Items from a data source
▼

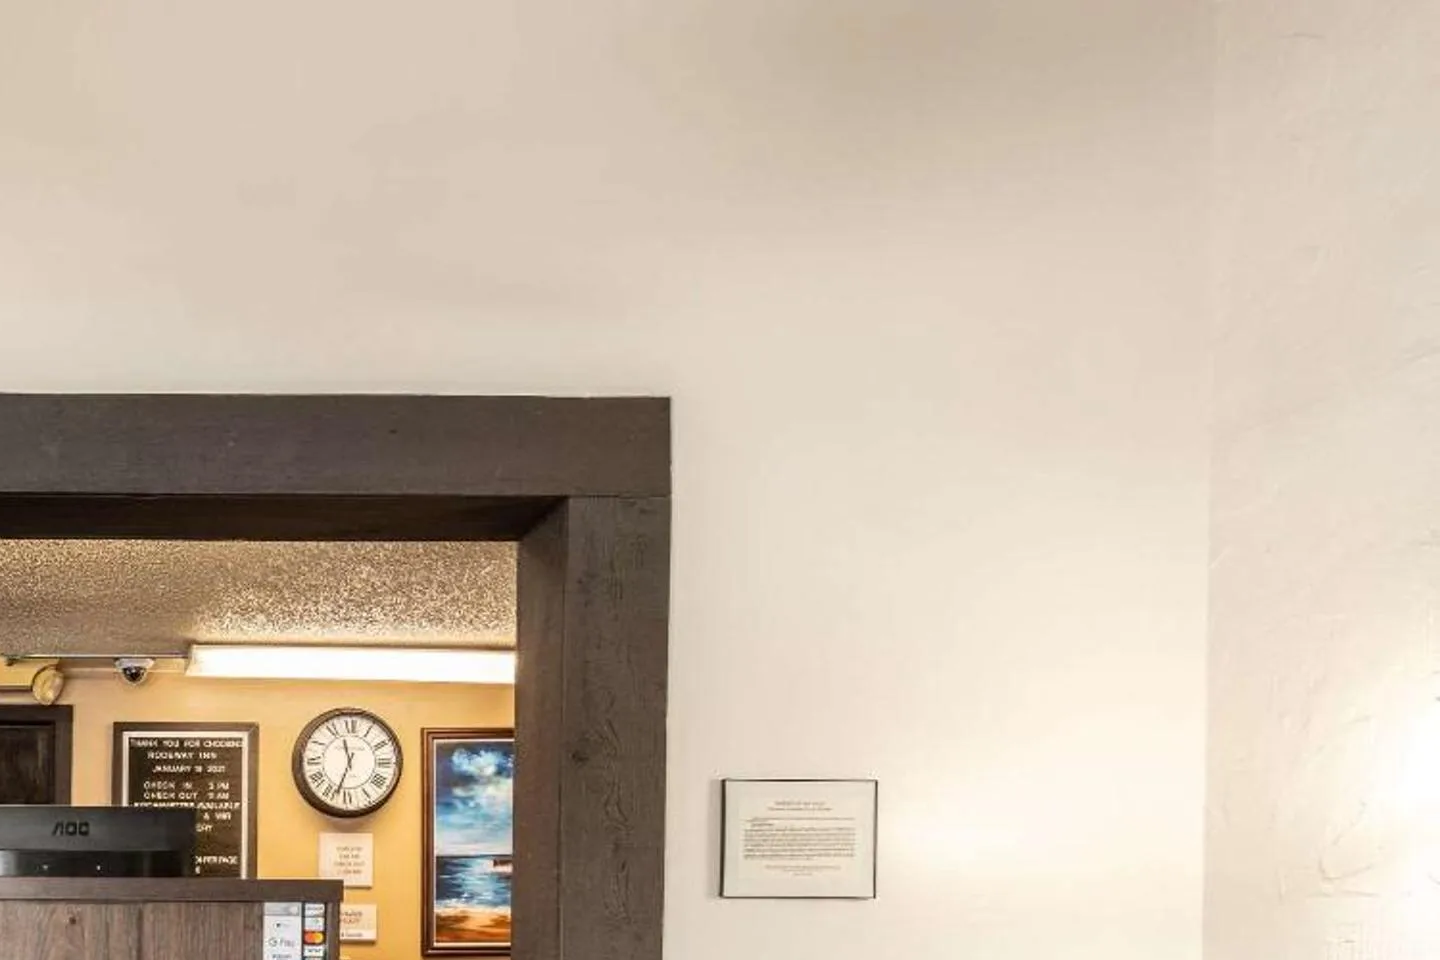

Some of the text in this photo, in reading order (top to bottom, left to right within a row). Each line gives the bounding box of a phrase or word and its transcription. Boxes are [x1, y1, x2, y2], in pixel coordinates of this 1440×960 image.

[163, 739, 180, 748] YOU
[183, 739, 201, 748] FOR
[143, 781, 176, 790] CHECK
[143, 791, 176, 800] CHECK
[178, 791, 199, 800] OUT
[216, 791, 230, 800] AM
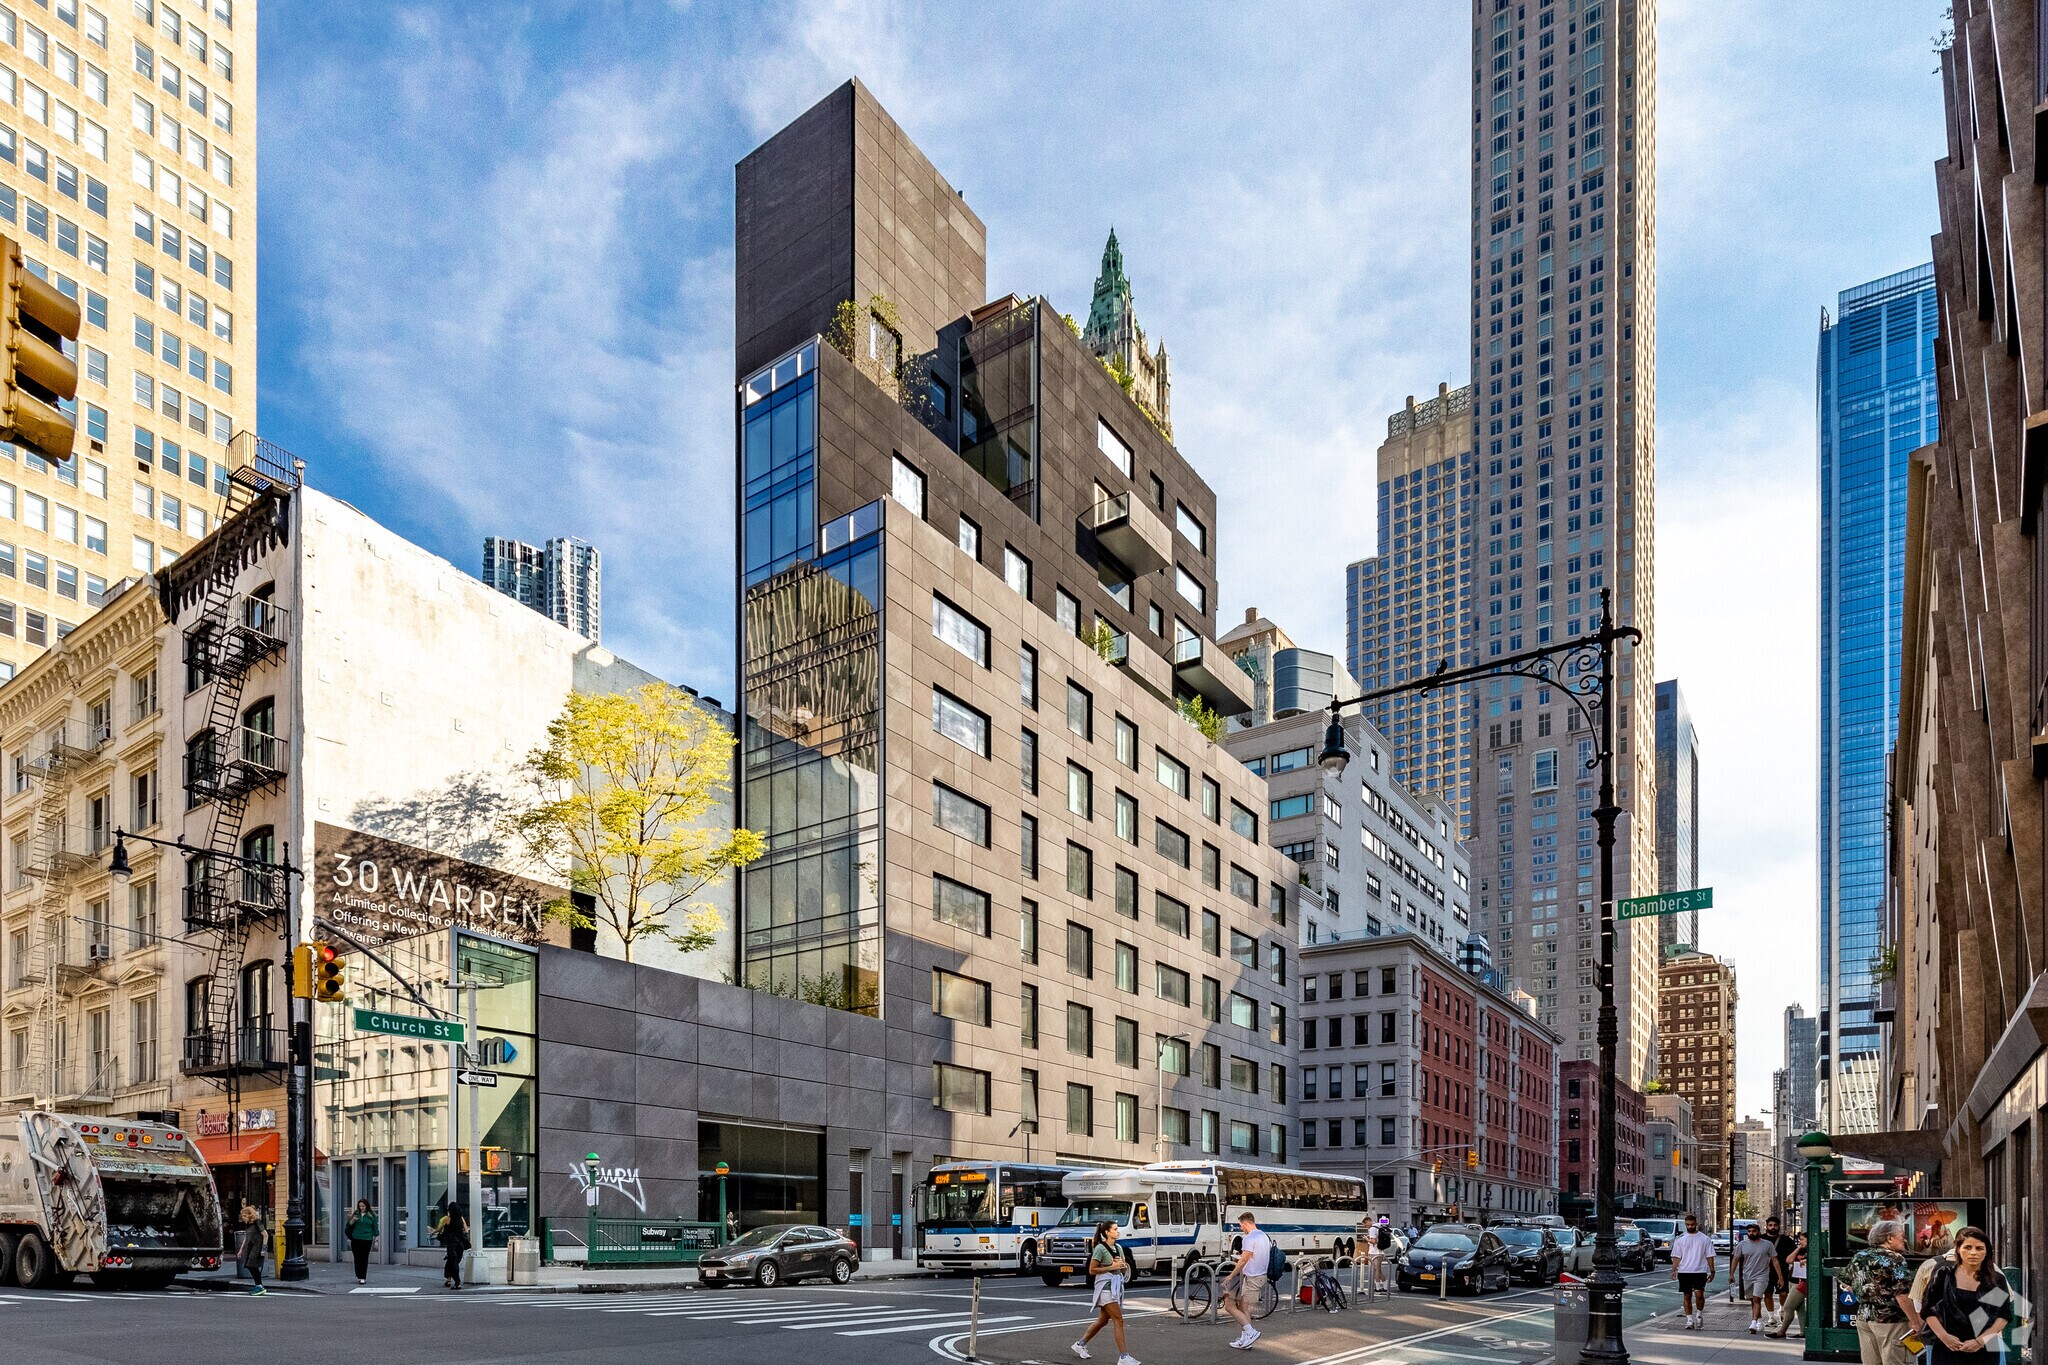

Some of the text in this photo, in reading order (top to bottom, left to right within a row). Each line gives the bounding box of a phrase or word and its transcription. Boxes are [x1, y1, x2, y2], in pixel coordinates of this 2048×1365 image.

[332, 853, 543, 931] 30 WARREN
[1622, 892, 1706, 917] Chambers St
[333, 892, 342, 903] A
[346, 894, 386, 913] Limited
[389, 904, 442, 925] Collection
[444, 918, 455, 927] of
[470, 922, 524, 944] Residences
[333, 909, 380, 931] Offering
[383, 922, 390, 931] a
[392, 921, 418, 936] New
[371, 1016, 450, 1037] Church St
[468, 1074, 493, 1084] ONE WAY
[204, 1122, 228, 1134] DONUTS
[642, 1228, 667, 1238] Subway
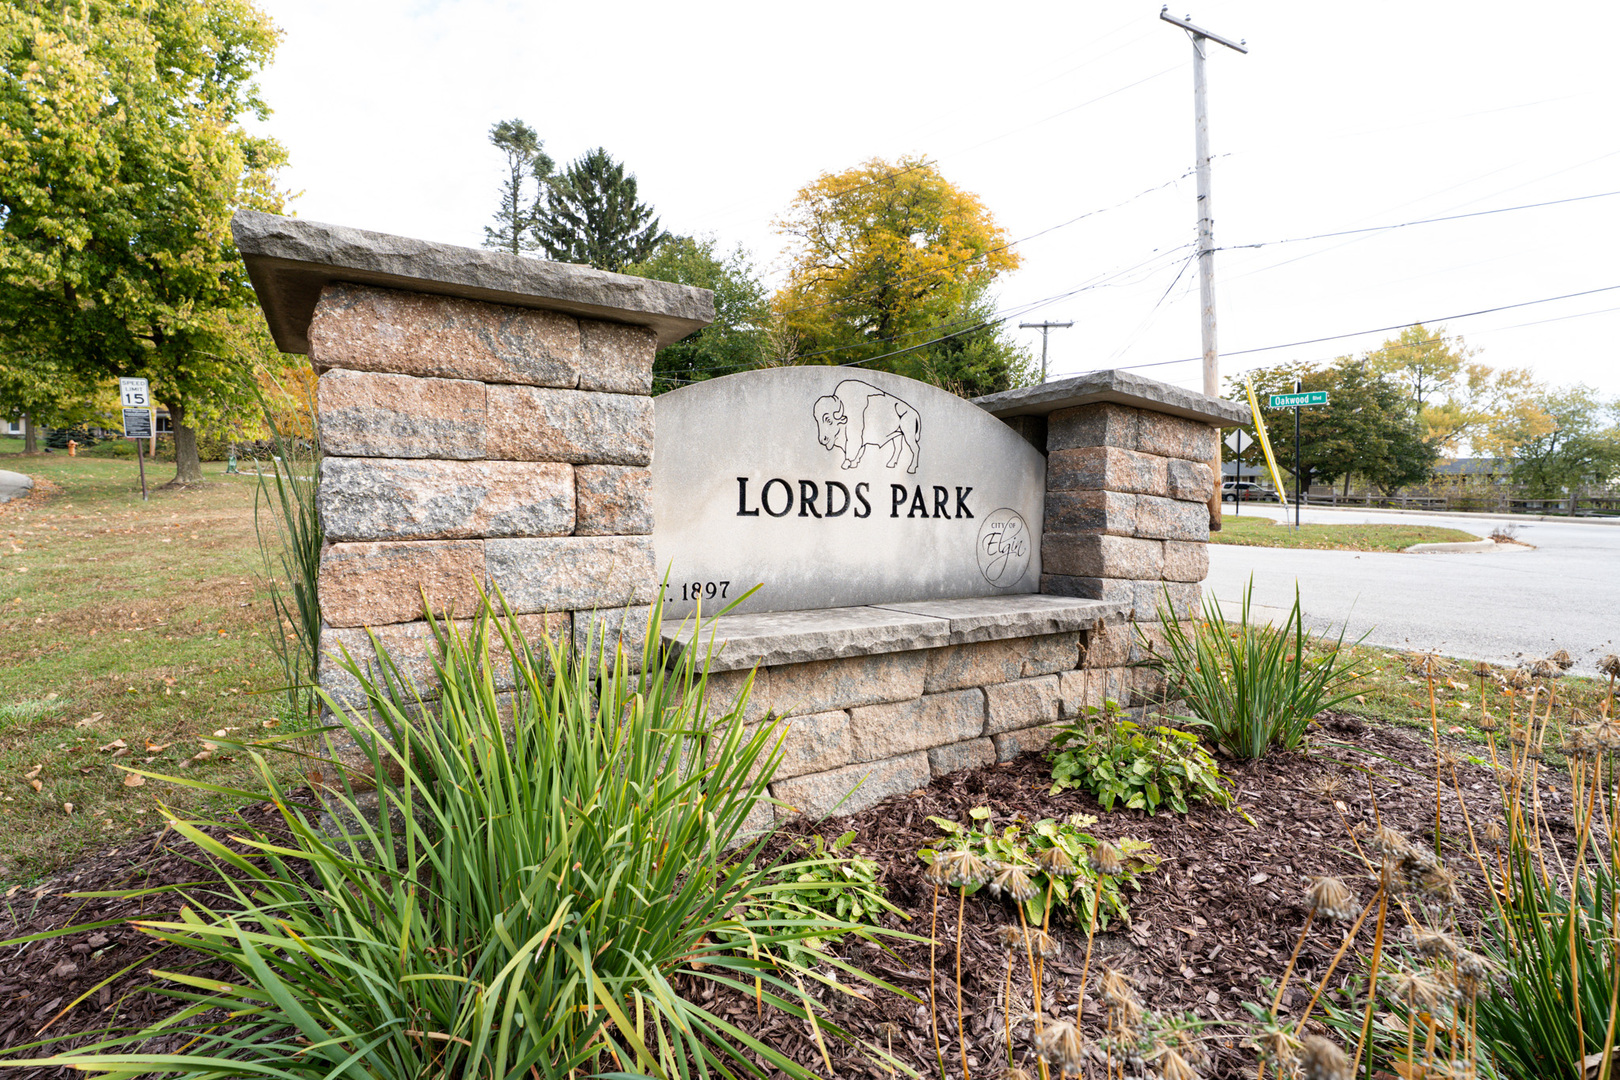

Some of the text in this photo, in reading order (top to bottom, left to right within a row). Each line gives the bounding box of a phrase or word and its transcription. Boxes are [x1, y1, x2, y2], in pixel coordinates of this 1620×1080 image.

[126, 394, 144, 404] 15
[1276, 395, 1308, 405] Oakwood
[737, 477, 975, 520] LORDS PARK
[982, 516, 1027, 581] Elgin
[682, 581, 730, 600] 1897

▲

» Task requirements:
Write the records out exactly once more, leaving off the pictures.

» Task result:
Some of the text in this photo, in reading order (top to bottom, left to right within a row). Each line gives the bounding box of a phrase or word and its transcription. Boxes are [x1, y1, x2, y2], in pixel coordinates of this 1440×960 image.

[163, 739, 180, 748] YOU
[183, 739, 201, 748] FOR
[143, 781, 176, 790] CHECK
[143, 791, 176, 800] CHECK
[178, 791, 199, 800] OUT
[216, 791, 230, 800] AM

Some of the text in this photo, in reading order (top to bottom, left to right within a row). Each line gives the bounding box of a phrase or word and its transcription. Boxes are [x1, y1, x2, y2], in pixel coordinates of this 2048×1365 image.

[332, 853, 543, 931] 30 WARREN
[1622, 892, 1706, 917] Chambers St
[333, 892, 342, 903] A
[346, 894, 386, 913] Limited
[389, 904, 442, 925] Collection
[444, 918, 455, 927] of
[470, 922, 524, 944] Residences
[333, 909, 380, 931] Offering
[383, 922, 390, 931] a
[392, 921, 418, 936] New
[371, 1016, 450, 1037] Church St
[468, 1074, 493, 1084] ONE WAY
[204, 1122, 228, 1134] DONUTS
[642, 1228, 667, 1238] Subway

Some of the text in this photo, in reading order (top to bottom, left to right within a row). Each line gives the bounding box of a phrase or word and its transcription. Boxes are [x1, y1, x2, y2], in pixel coordinates of this 1620×1080 image.

[126, 394, 144, 404] 15
[1276, 395, 1308, 405] Oakwood
[737, 477, 975, 520] LORDS PARK
[982, 516, 1027, 581] Elgin
[682, 581, 730, 600] 1897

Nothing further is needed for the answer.